You should be alert during the next few days. Do not open any message with an attachment entitled "POSTCARD," regardless of who sent it to you. It is a virus which opens A POSTCARD IMAGE, which 'burns' the whole hard disc C of your computer. This virus will be received from someone who has your e-mail address in his/her contact list. This is the reason why you need to send this e-mail to all your contacts.

If you receive a mail called" POSTCARD," even though sent to you by a friend, do not open it! Shut down your computer immediately.

This is the worst virus announced by CNN. It has been classified by Microsoft as the most destructive virus ever. This virus was discovered by McAfee yesterday, and there is no repair yet for this kind of virus. This virus simply destroys the Zero Sector of the Hard Drive.

*Please ignore any messages regarding this hoax and do not pass on messages. Passing on messages about the hoax only serves to further propagate it.

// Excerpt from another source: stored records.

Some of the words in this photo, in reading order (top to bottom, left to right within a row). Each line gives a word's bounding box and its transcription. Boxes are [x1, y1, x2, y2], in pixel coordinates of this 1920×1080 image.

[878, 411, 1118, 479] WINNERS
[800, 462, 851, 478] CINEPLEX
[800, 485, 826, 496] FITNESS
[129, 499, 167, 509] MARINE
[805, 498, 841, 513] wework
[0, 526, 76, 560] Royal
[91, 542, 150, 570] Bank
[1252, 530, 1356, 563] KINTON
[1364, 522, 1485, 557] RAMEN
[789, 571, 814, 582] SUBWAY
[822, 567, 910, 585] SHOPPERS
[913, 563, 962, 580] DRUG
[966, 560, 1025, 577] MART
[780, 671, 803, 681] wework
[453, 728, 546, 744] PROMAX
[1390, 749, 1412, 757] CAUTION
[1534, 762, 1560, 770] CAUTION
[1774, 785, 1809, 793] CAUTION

*Here is the link if anyone wishes to confirm, 
http://www.symantec.com/security_response/writeup.jsp?docid=2006-022115-0852-99&tabid=2


----------



## paintjockey (Jan 3, 2008)

Not that I'm arguing about it being a hoax, but what is the Hallmark email then? I get it at least every other day and my virus detection goes nuts. The attachment they send also carries an 86.8KB attachment with it that is zipped shut, not your typical e-card. And just for the record, when Hallmark sends you an E-card, they tell you who it's from in the body of the email.


----------



## Snoq Pass (Jan 2, 2008)

Paint, are you sure that it is actually coming from Hallmark and not someone else acting like them? I have gotten a few that say they are from a company, but they actually aren't.


----------